- _TASK TO CARRY OUT_
Give the records back exactly as written, but without the images.

══ GIVEN RECORDS

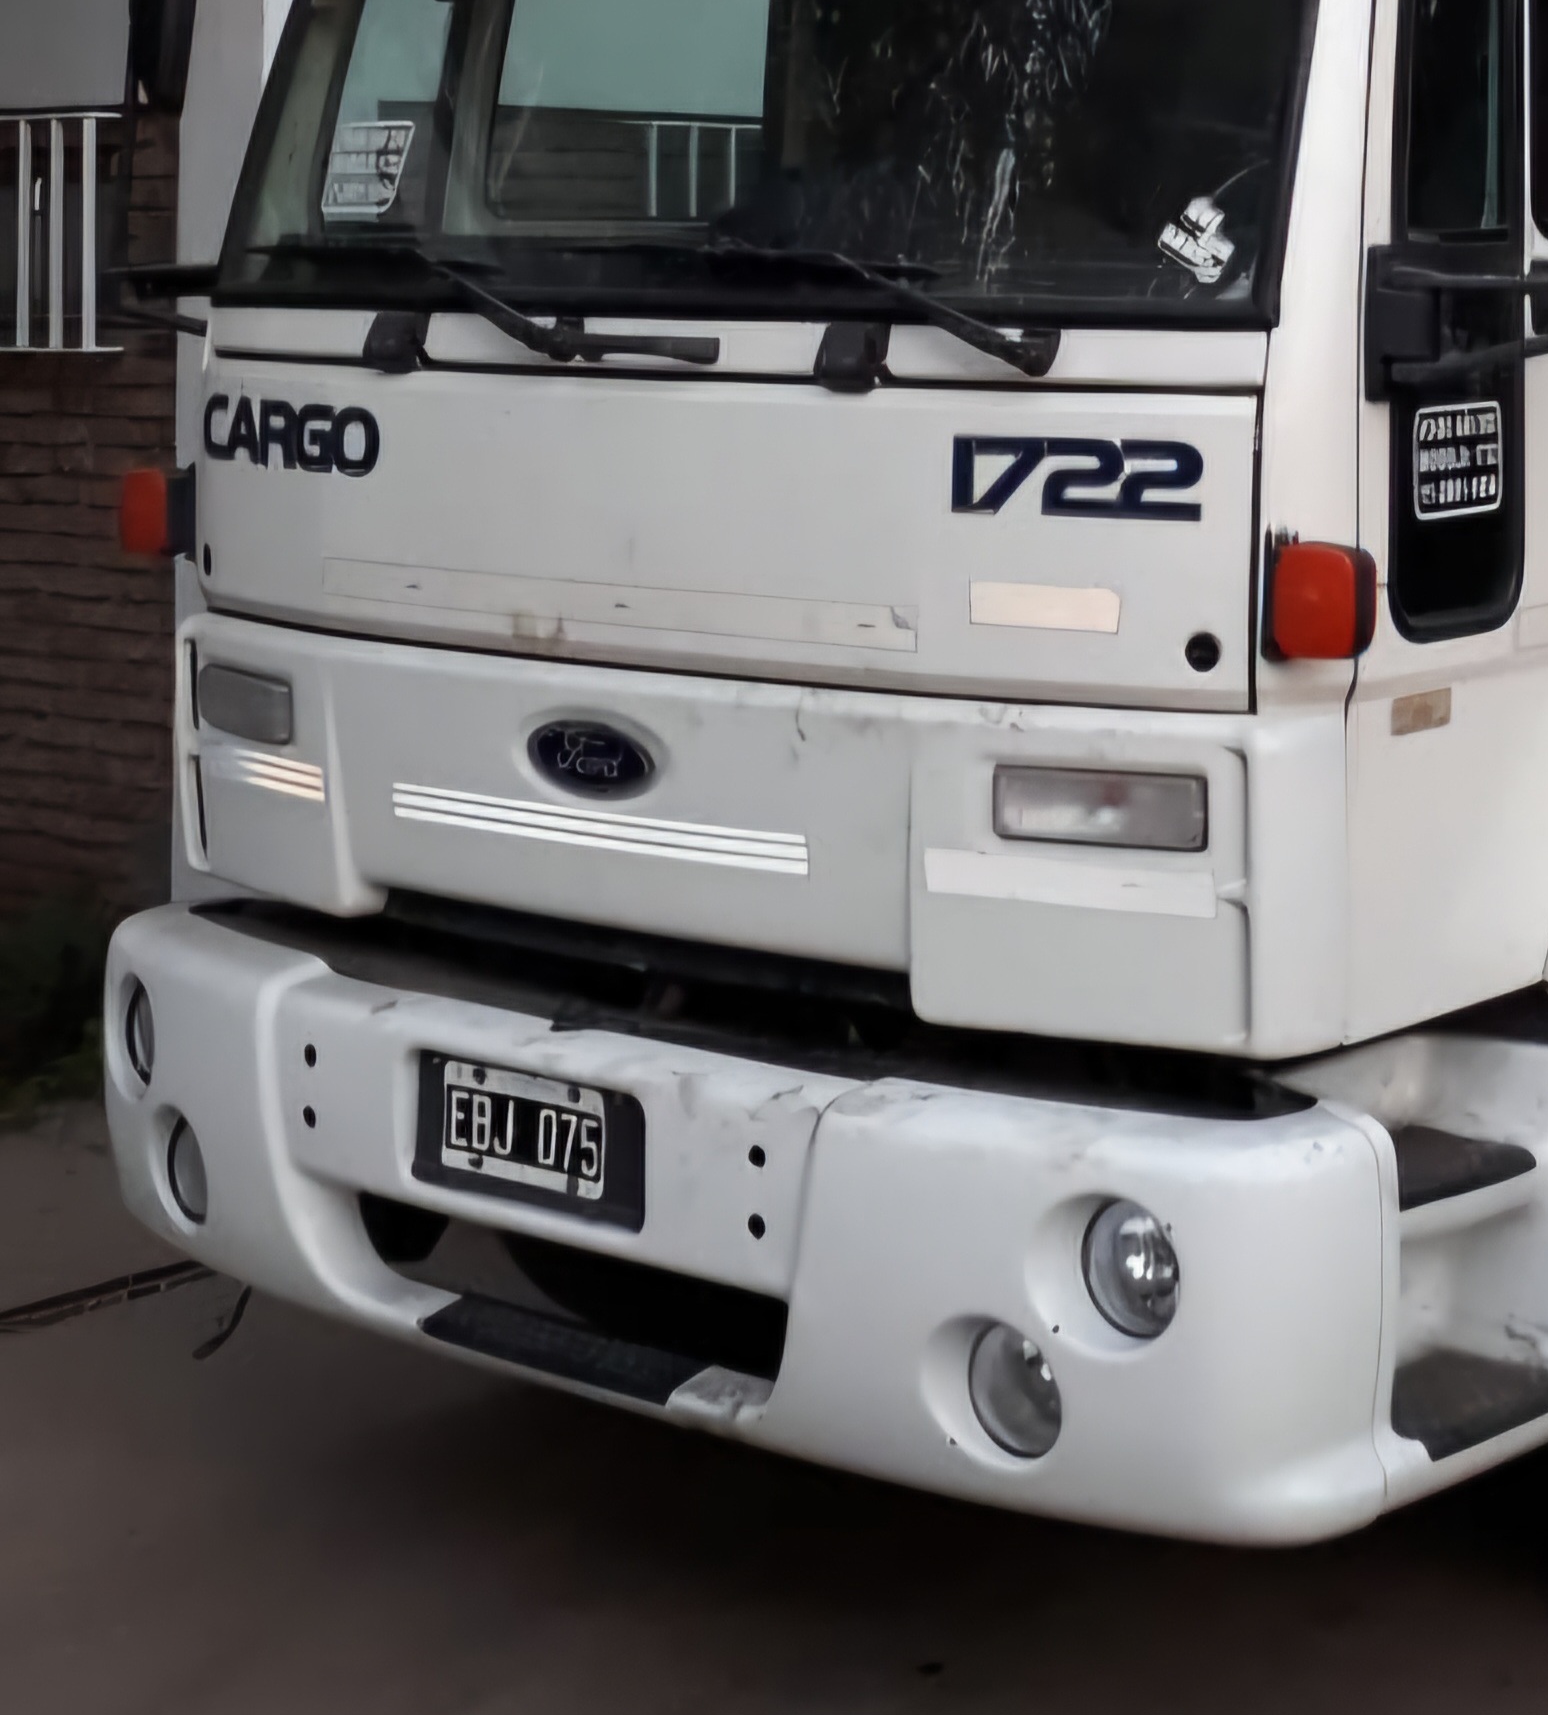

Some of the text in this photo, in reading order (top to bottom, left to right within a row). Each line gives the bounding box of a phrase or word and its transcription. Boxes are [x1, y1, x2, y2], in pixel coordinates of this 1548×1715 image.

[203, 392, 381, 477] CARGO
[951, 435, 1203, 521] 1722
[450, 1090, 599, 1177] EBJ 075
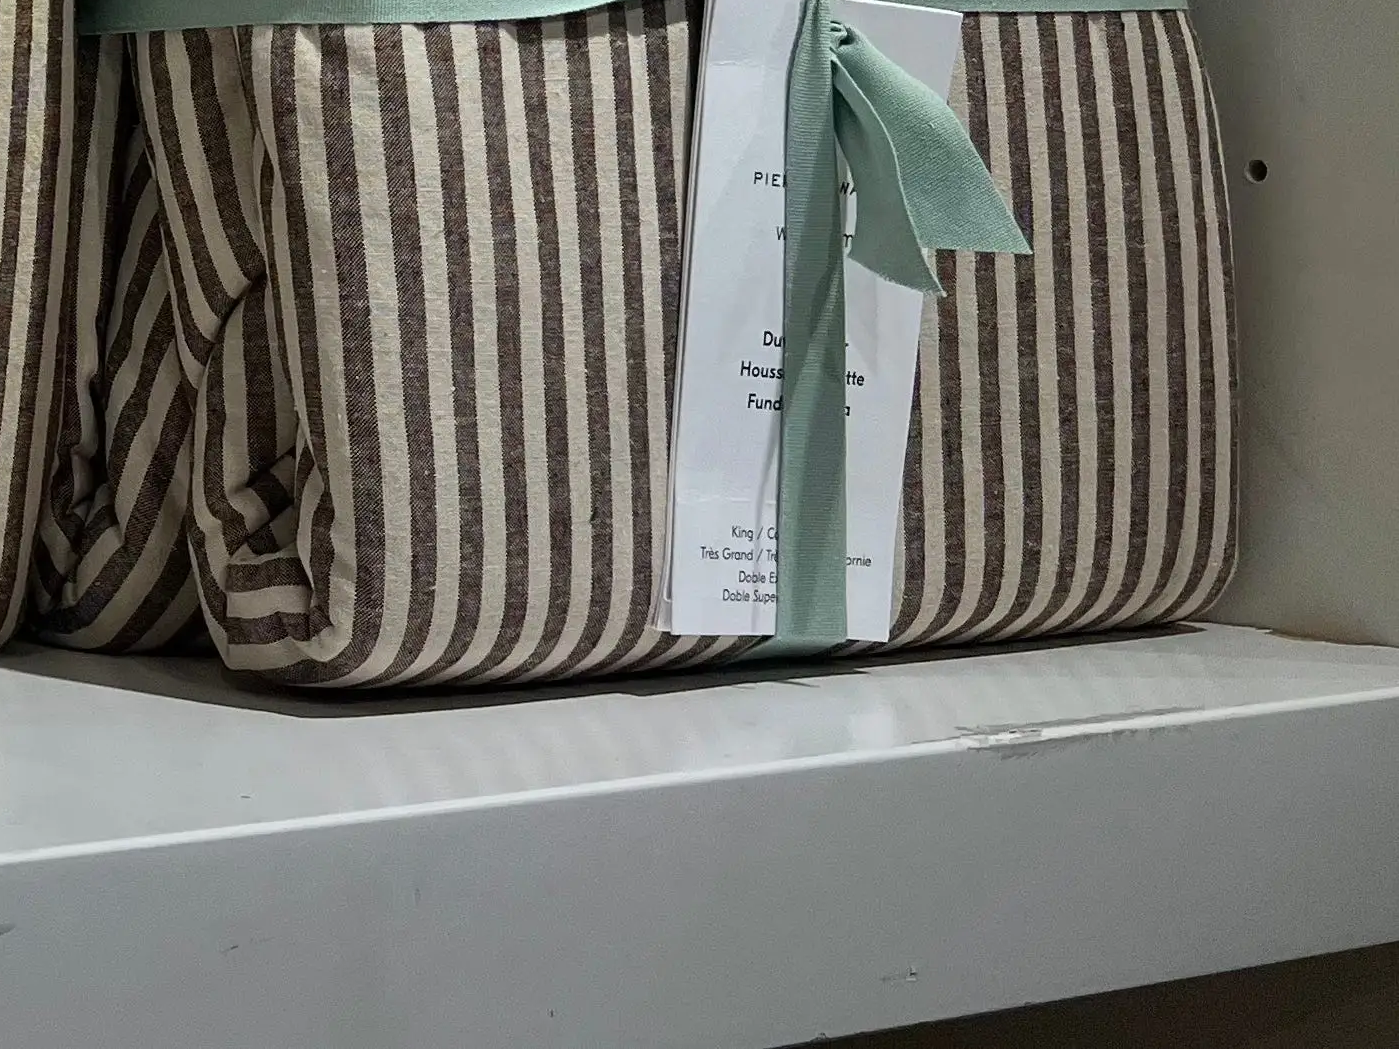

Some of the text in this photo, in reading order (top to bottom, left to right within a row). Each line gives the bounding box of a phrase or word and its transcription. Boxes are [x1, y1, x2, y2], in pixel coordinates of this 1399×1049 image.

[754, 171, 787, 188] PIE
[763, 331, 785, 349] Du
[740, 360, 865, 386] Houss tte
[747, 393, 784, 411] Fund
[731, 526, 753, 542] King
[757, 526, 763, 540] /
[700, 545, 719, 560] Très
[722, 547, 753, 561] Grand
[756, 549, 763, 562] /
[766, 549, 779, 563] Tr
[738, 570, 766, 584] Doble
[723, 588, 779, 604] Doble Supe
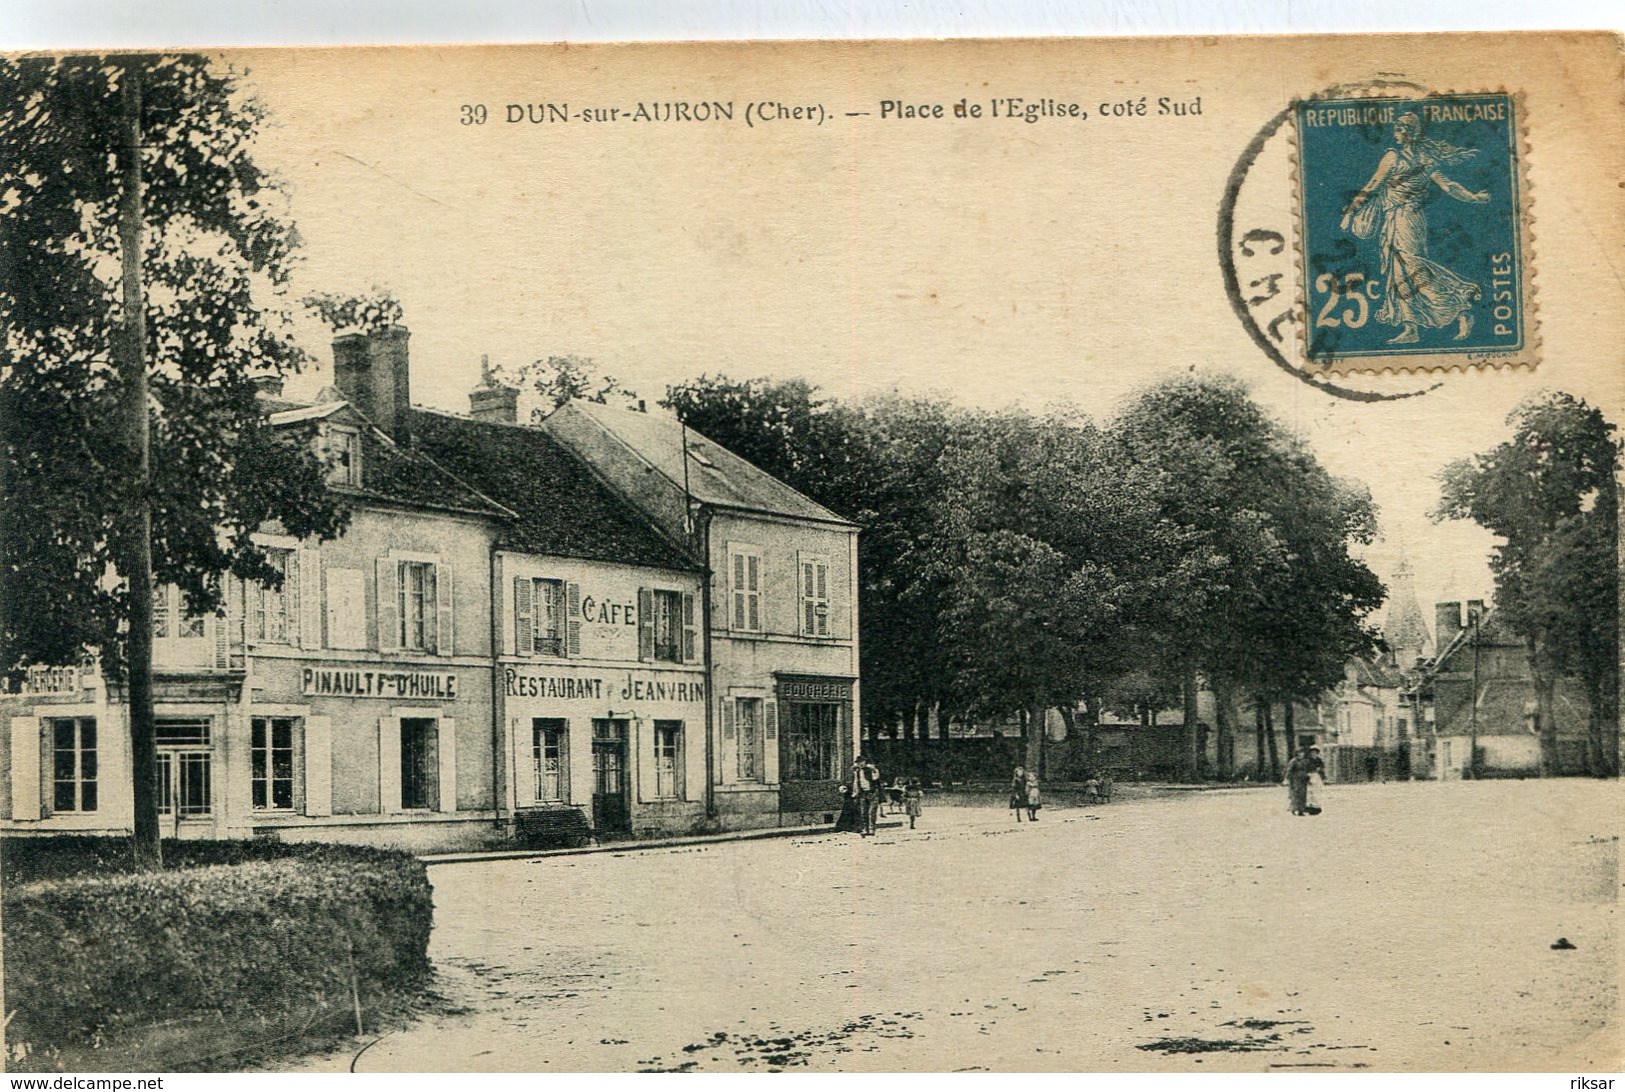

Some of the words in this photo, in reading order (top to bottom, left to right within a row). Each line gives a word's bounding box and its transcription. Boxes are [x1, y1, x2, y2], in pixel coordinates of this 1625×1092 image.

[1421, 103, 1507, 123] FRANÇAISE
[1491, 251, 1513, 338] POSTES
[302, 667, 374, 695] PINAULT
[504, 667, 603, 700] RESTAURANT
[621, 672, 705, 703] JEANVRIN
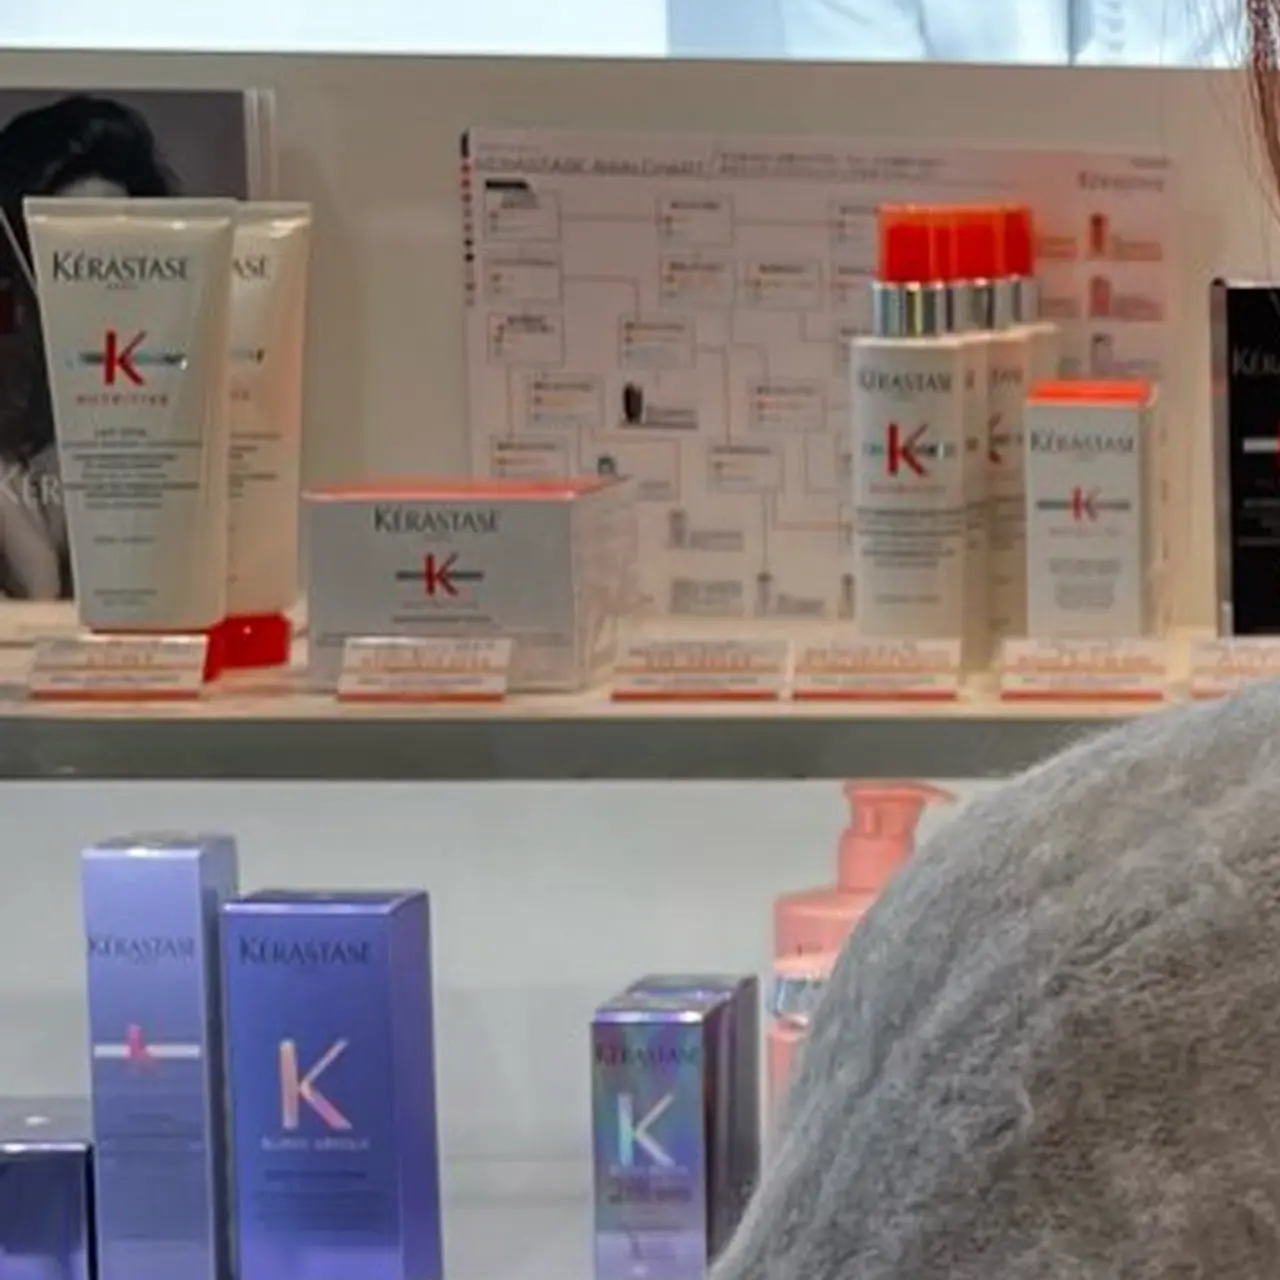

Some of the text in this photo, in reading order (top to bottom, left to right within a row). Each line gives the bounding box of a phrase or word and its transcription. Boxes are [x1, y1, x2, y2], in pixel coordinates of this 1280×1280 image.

════

- _RESULT OF THIS TASK_
Some of the text in this photo, in reading order (top to bottom, left to right within a row). Each line gives the bounding box of a phrase or word and its transcription. Boxes are [x1, y1, x2, y2], in pixel coordinates of this 1548×1715 image.

[203, 392, 381, 477] CARGO
[951, 435, 1203, 521] 1722
[450, 1090, 599, 1177] EBJ 075

Some of the text in this photo, in reading order (top to bottom, left to right within a row). Each line gives the bounding box of a phrase or word and its transcription. Boxes are [x1, y1, x2, y2], in pixel coordinates of this 1399×1049 image.

[754, 171, 787, 188] PIE
[763, 331, 785, 349] Du
[740, 360, 865, 386] Houss tte
[747, 393, 784, 411] Fund
[731, 526, 753, 542] King
[757, 526, 763, 540] /
[700, 545, 719, 560] Très
[722, 547, 753, 561] Grand
[756, 549, 763, 562] /
[766, 549, 779, 563] Tr
[738, 570, 766, 584] Doble
[723, 588, 779, 604] Doble Supe

Some of the words in this photo, in reading order (top to bottom, left to right within a row). Each line gives a word's bounding box and its transcription. Boxes are [x1, y1, x2, y2], in pixel coordinates of this 1625×1092 image.

[1421, 103, 1507, 123] FRANÇAISE
[1491, 251, 1513, 338] POSTES
[302, 667, 374, 695] PINAULT
[504, 667, 603, 700] RESTAURANT
[621, 672, 705, 703] JEANVRIN

Some of the text in this photo, in reading order (top to bottom, left to right within a row). Each line gives the bounding box of a phrase or word and its transcription. Boxes are [x1, y1, x2, y2], in pixel coordinates of this 1280×1280 image.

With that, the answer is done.